#### [Assigned task]
Leave out the pictures and retype everything else in the records below exactly.

Start of Block

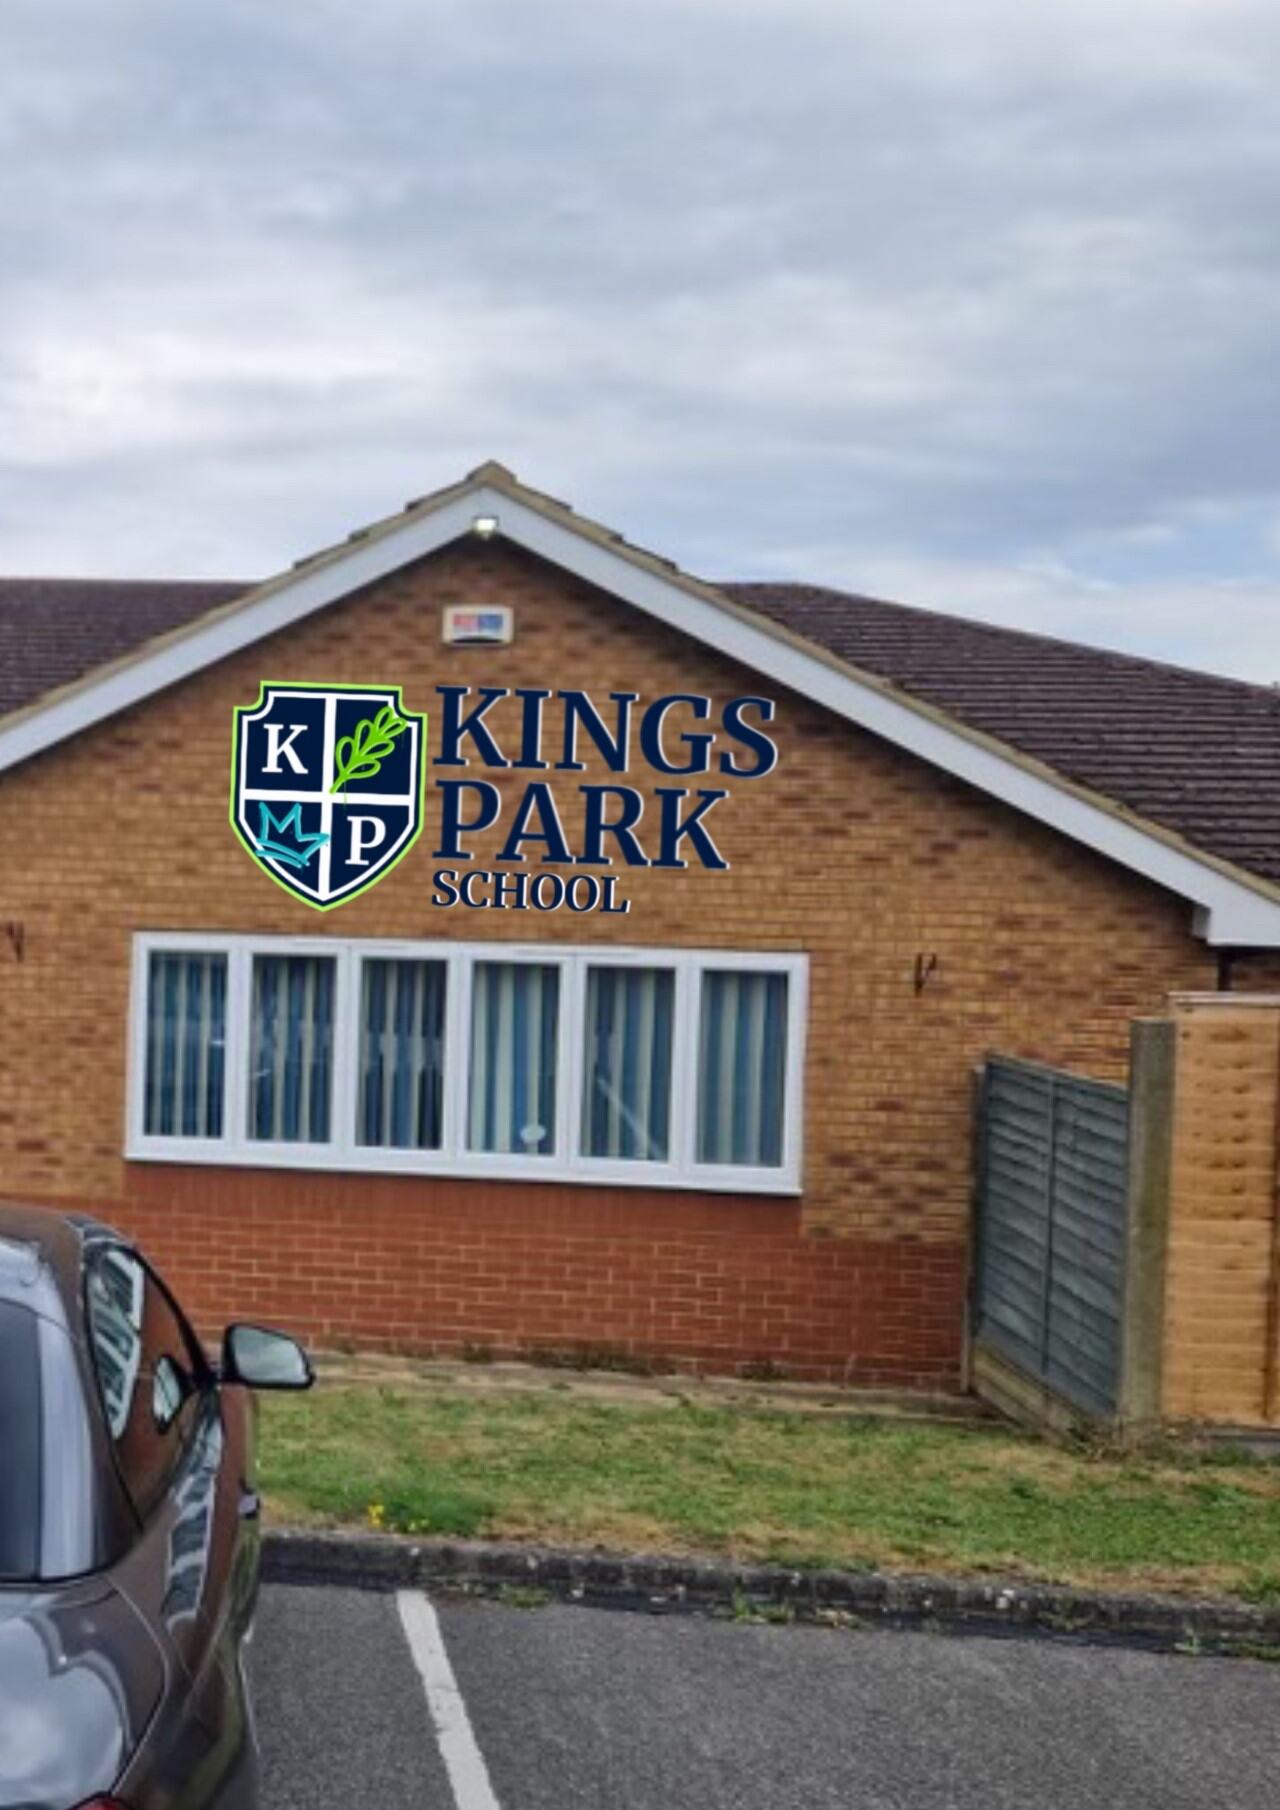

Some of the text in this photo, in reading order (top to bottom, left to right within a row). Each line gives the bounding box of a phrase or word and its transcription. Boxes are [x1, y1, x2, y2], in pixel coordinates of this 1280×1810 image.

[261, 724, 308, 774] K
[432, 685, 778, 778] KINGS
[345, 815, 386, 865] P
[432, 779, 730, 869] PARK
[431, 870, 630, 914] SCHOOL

End of Block

#### [Result of this task]
Some of the text in this photo, in reading order (top to bottom, left to right within a row). Each line gives the bounding box of a phrase or word and its transcription. Boxes are [x1, y1, x2, y2], in pixel coordinates of this 1280×1810 image.

[261, 724, 308, 774] K
[432, 685, 778, 778] KINGS
[345, 815, 386, 865] P
[432, 779, 730, 869] PARK
[431, 870, 630, 914] SCHOOL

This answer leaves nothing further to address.